Thursday, 5 Feb 2025
 
Amanda Bell and Simpson family dinner
At KARLA, Yagan Square, Perth
 
Part of the annual Judy Wheeler commission, where an artist is commissioned to create a new site specific work in the stairwell area at PICA.
 
Badimia Yamatji and Yued Noongar artist Amanda Bell first started making art in 2017 while working as a full-time carer for her elderly mother. During this time of intense isolation, art became an important outlet and avenue for her to explore and connect with her cultural and familial heritage. Bell has since developed an expansive, experimental practice rooted in her interests in language and its enduring powers, and in exploring new ways of telling stories – through poetry, written word and imagery, together with sculpture, sound and installation.  

Bell’s new commission F = m•a (five ways to make a rainbow) is the third Judy Wheeler Commission, an annual series of site-specific works that respond to the history and site of PICA. Using sunlight, sound and language, Bell’s work for PICA addresses the building’s history, acknowledging its construction on unceded land, a moment marked by colonial dispossession and violence. As Bell says, ‘In some of that story there is darkness. I will use light and sound to allow visitors to sit in discomfort. To see, feel and listen to voices and stories that linger with us today.’ 

On display throughout 2025, Bell’s installation channels and directs the sun’s light through the windows of PICA’s stairwell deep into the building’s recesses. The shifting interplay of light, sound and language with the architecture creates a captivating yet unsettling atmosphere, urging visitors to engage with their surroundings and reflect on the layered histories of the spaces we inhabit – what Bell calls ‘the very collision of building and boodja.’
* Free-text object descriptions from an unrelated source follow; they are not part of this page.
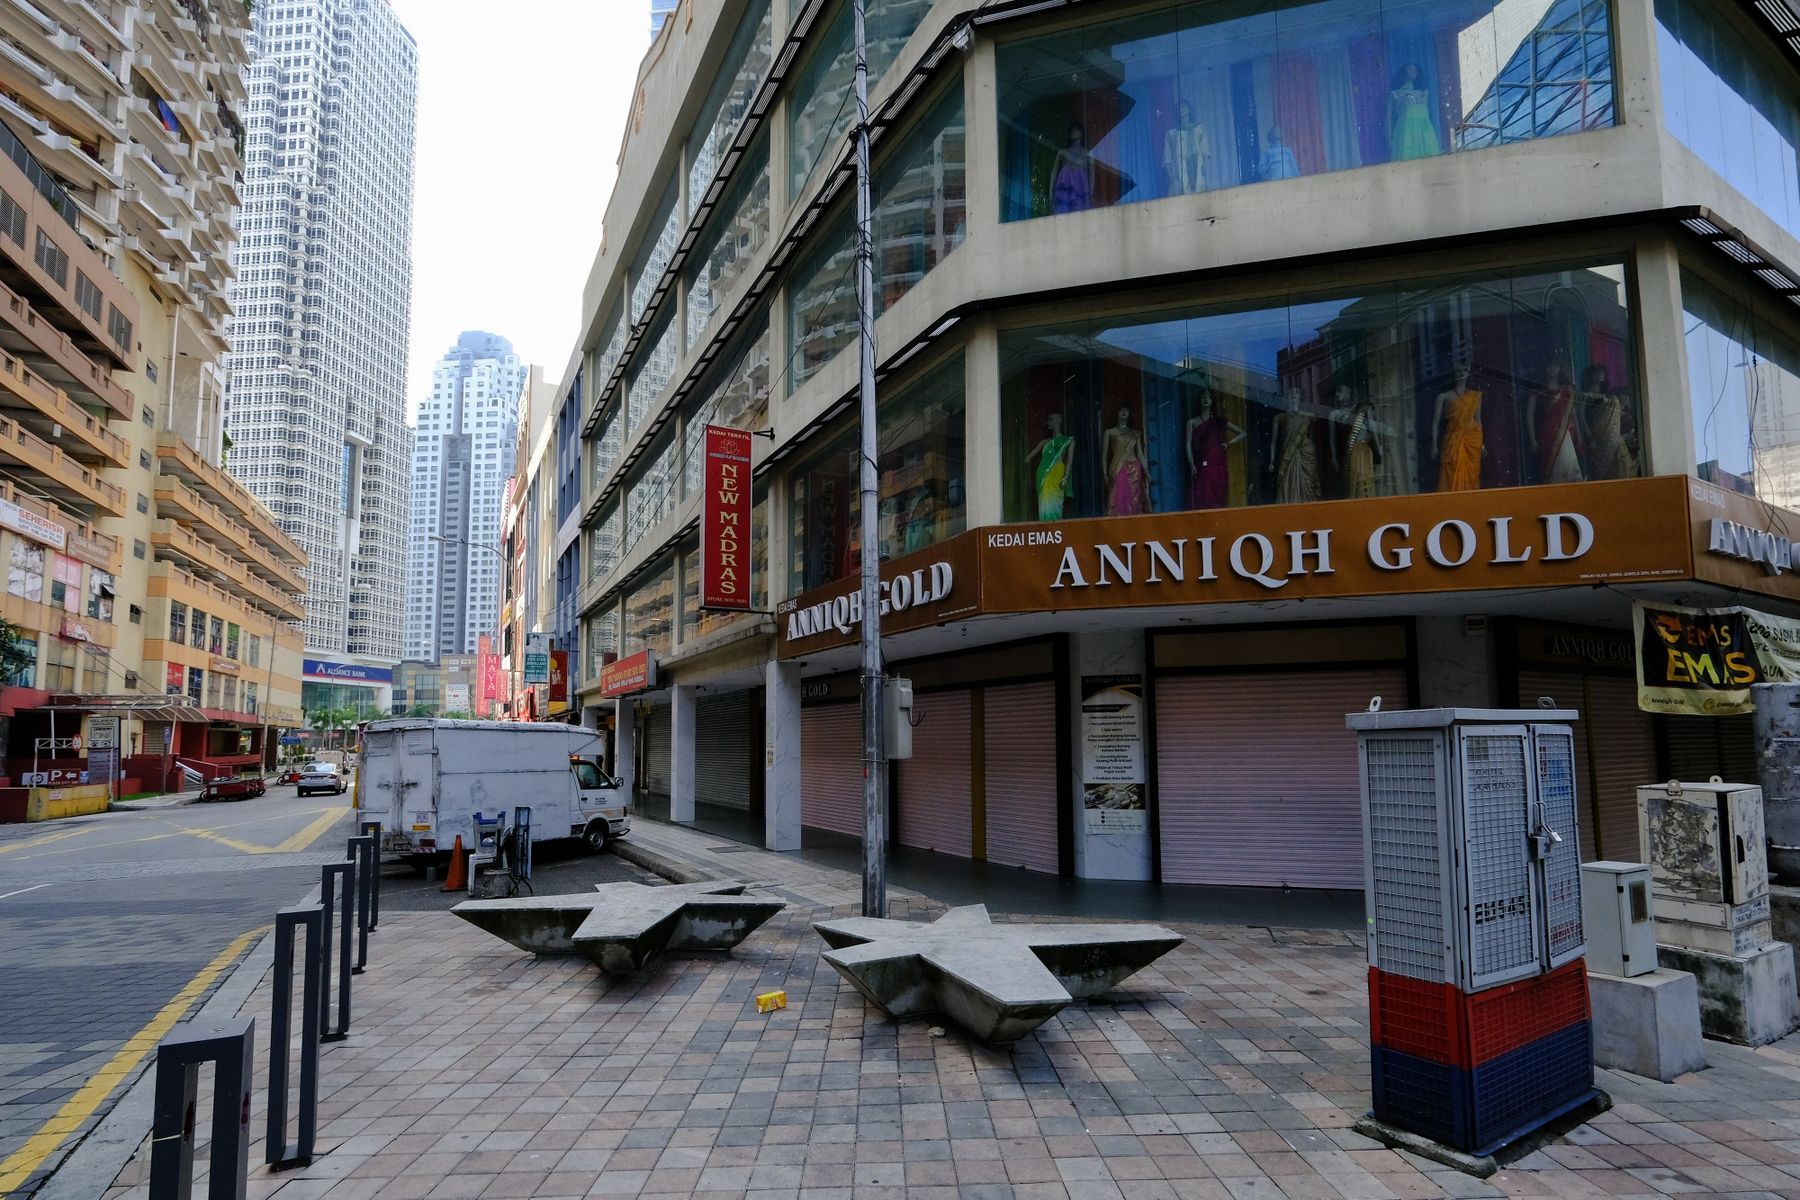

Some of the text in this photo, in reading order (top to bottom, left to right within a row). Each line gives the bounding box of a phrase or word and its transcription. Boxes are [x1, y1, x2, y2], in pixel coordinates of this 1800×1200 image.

[718, 463, 741, 505] NEW
[1690, 483, 1726, 509] KEDAI EMAS
[18, 508, 64, 535] SEHERISH
[719, 511, 739, 594] MADRAS
[987, 530, 1063, 548] KEDAI EMAS
[1048, 512, 1596, 590] ANNIQH GOLD
[1708, 517, 1793, 577] ANNIQH
[786, 589, 863, 641] ANNIQH
[1551, 635, 1635, 663] ANNIQH GOL
[327, 667, 366, 678] ALLIANCE BANK
[487, 655, 497, 691] MAYA
[808, 684, 828, 697] GOLD
[50, 770, 63, 781] P
Amanda Bell is a Badamia Yamatji and Yued Noongar artist woman living and working on Wardandi land in Goomburrup. Working with mediums such as video, sound, textiles, sculpture and installation, Bell’s wide-ranging practice is dedicated to ‘… trying new ways of telling stories that are sometimes uncomfortable and painful, sometimes fun and frivolous.’ Recent exhibitions include N’yettin-ngal Wagur – Yeye Wongie (Ancestors breath – Today talk), John Curtain Gallery, Perth (2024), South West Art Now 2024 (SWAN): A New Constellation, Bunbury Regional Art Gallery, Bunbury (2024), Emergencies (Open Borders), The Creative Corner and the Holmes à Court Gallery @ Vasse Felix (2023), KANANGOOR/Shimmer, Lawrence Wilson Art Gallery (2023), 2021 Revealed Exhibition, Fremantle Arts Centre, Fremantle (2021). In 2022, Bell was a finalist in the John Stringer Art Prize. Bell’s works are included in the State Art Collection, Art Gallery of Western Australia and City of Fremantle Art Collection. 
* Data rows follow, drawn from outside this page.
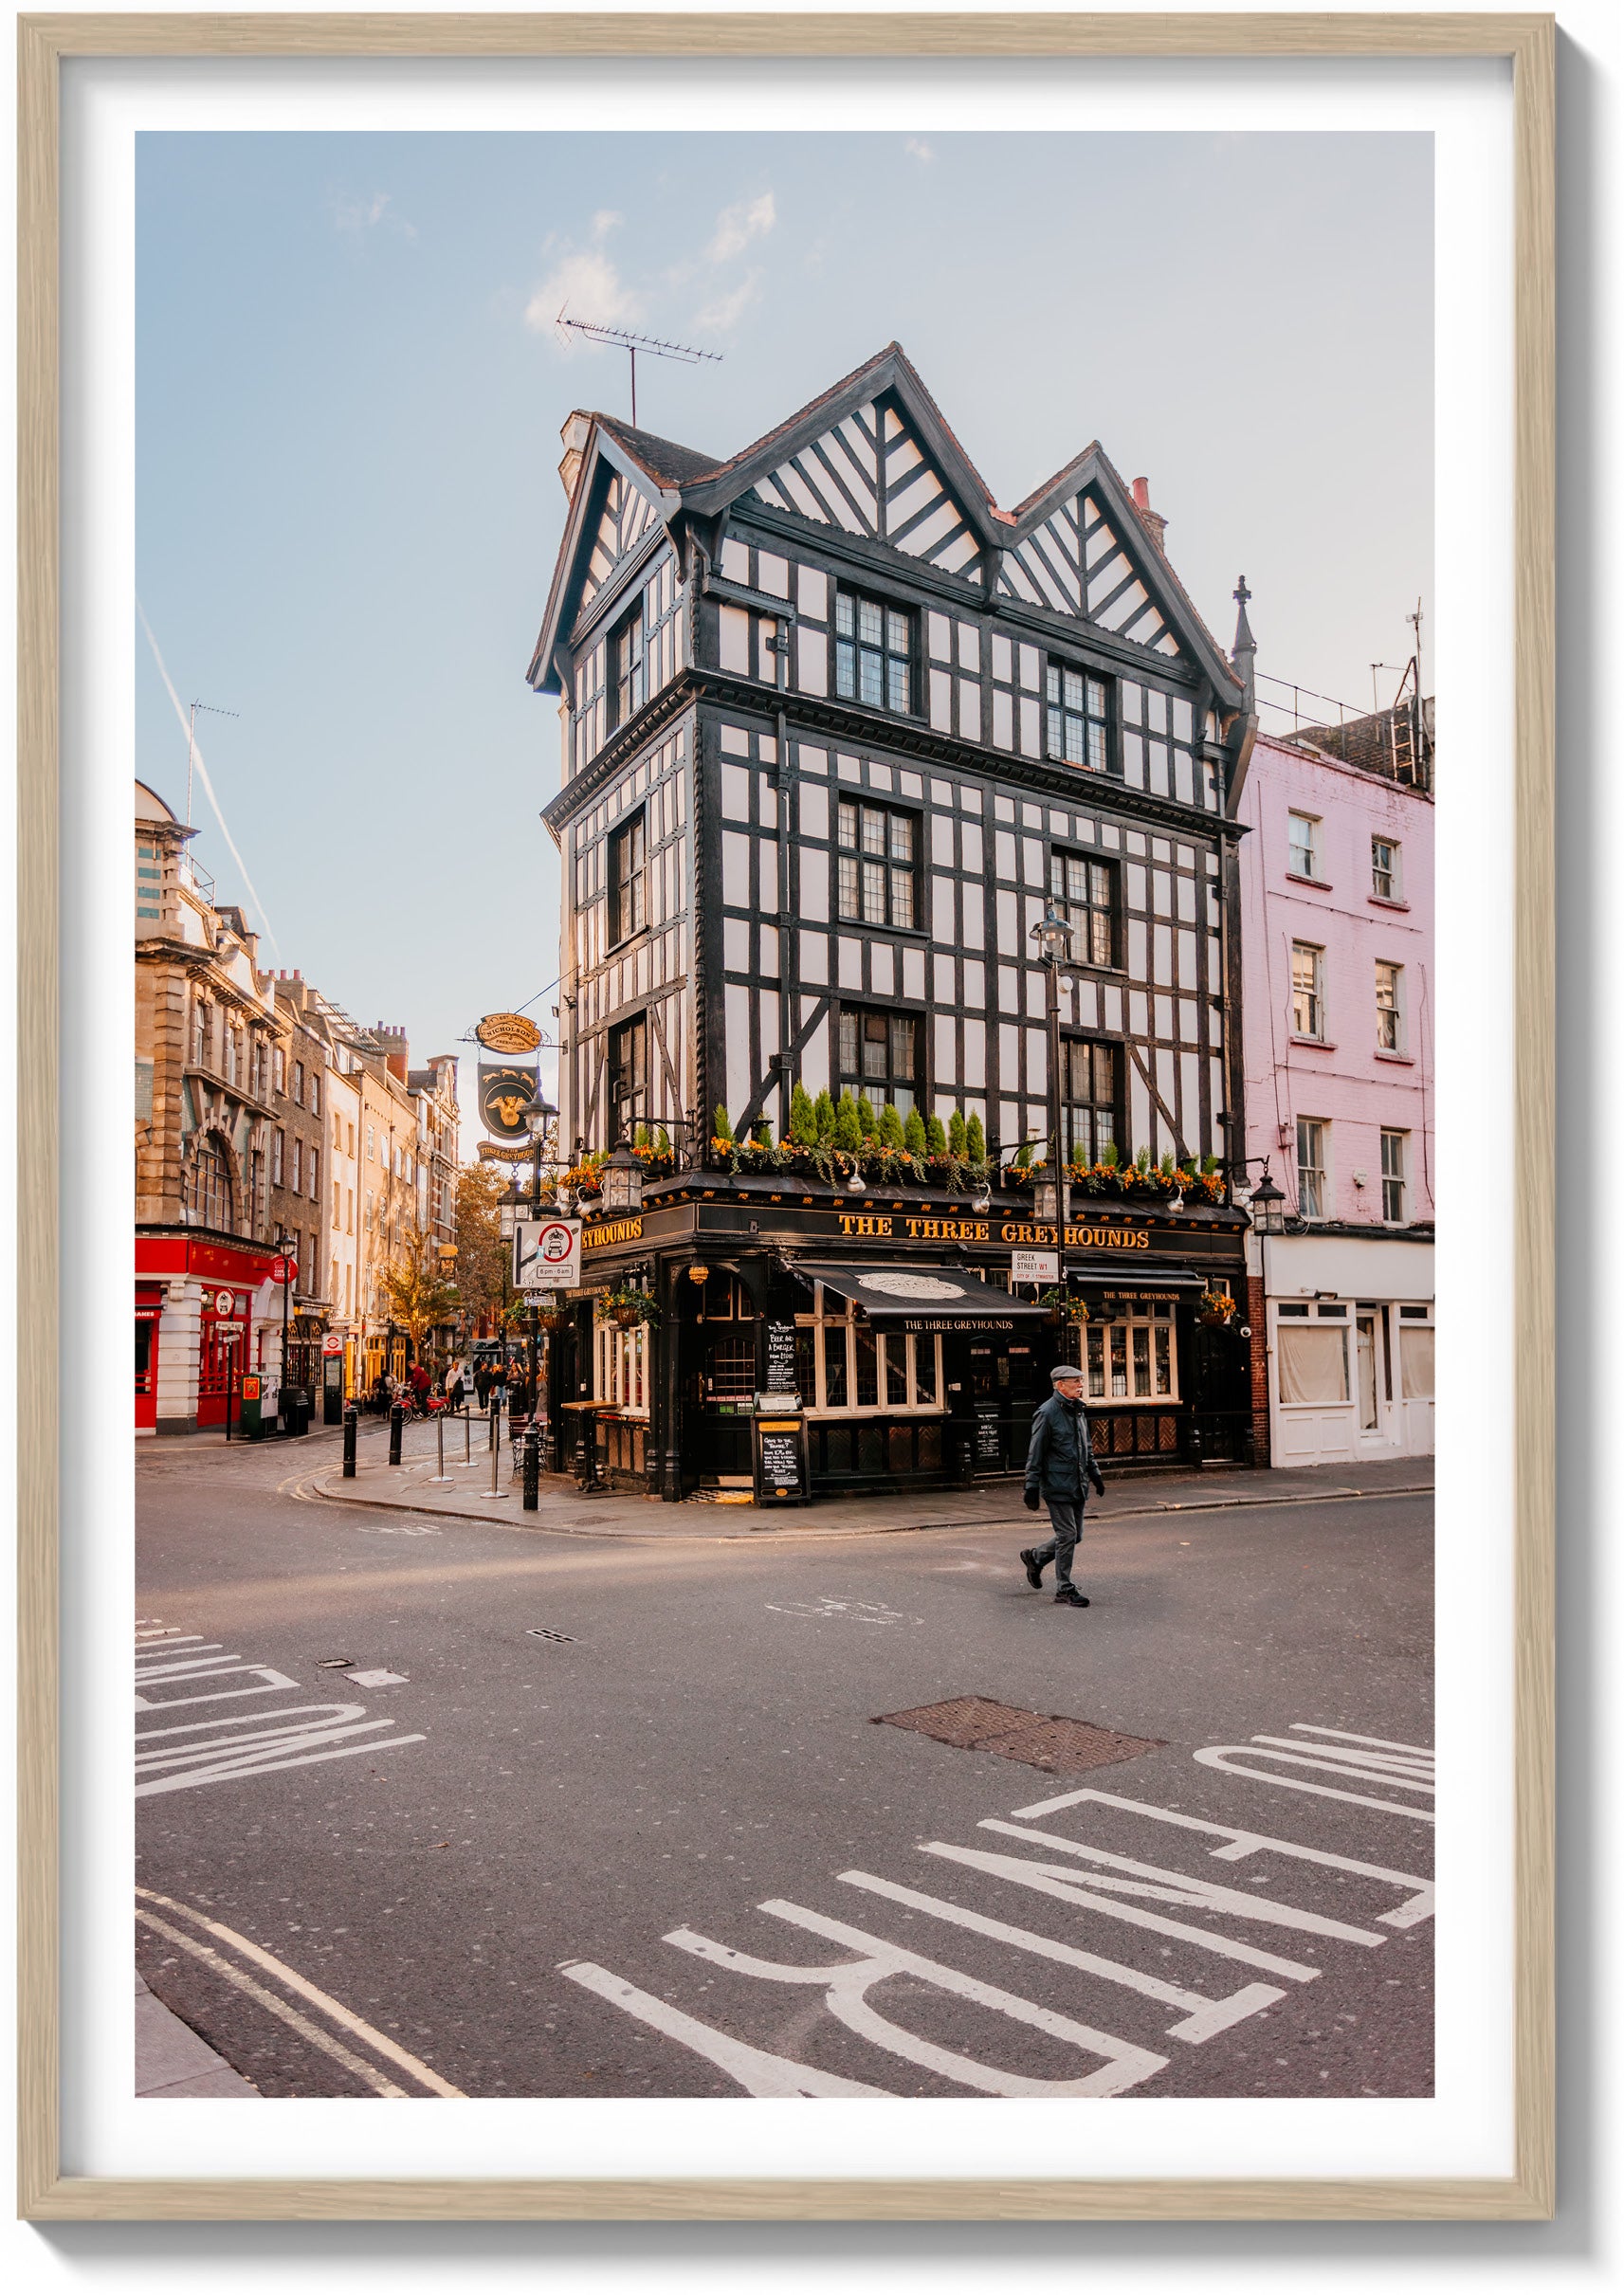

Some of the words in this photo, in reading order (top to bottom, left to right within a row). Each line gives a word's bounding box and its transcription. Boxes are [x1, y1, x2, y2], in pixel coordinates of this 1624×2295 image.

[486, 1026, 536, 1042] NICHOLSON'S
[481, 1146, 502, 1157] THREE
[838, 1214, 892, 1236] THE
[905, 1218, 990, 1241] THREE
[1001, 1223, 1149, 1248] GREYHOUNDS
[1016, 1262, 1037, 1270] STREET
[1118, 1291, 1138, 1300] THREE
[1140, 1292, 1180, 1301] GREYHOUNDS
[904, 1320, 922, 1330] THE
[923, 1320, 953, 1330] THREE
[954, 1320, 1013, 1330] GREYHOUNDS
We moved on to a delicate banquet at KARLA – a dining room with a view of the city, taking inspiration from Asian cuisine cooked over flames. The word ‘Karla’ means fire in Noongar language. Thai-born chef, Ben Pienprasop, known for the iconic Chin Chin (Melbourne), and chef Sundoo Kim have created a menu of tantalizing tastes sources locally and making cunning use of native ingredients, weaving them seamlessly into traditional Asian favourites. Luxurious touches of hospitality spanned all areas of the experience;  from the attentive service, cosy ambience and consideration to lighting and soundscaping, the overall experience was a cool cocoon on a hot February night. My only criticism would be the dessert – perhaps the peanut butter parfait was not as fluffy as it could be, but that could be because I’d already filled up so greedily on the previous courses and was too full to appreciate it. It was served with an Oreo cookie which seemed like a lazy gesture and undermined the classiness of everything else. Could they not find or make a better kind of cookie? I will never understand the popularity of Oreos. The chocolate ice-cream was excellent and intensely chocolatey.

​Memorable moments were the spicy edamame, a stunningly simple ceviche, grilled prawn skewers, and a market fish choo chee, with an asian apple salad, hot and sour sauce, fried shallots. Also the tom yam fried rice was tangy and paired well with everything.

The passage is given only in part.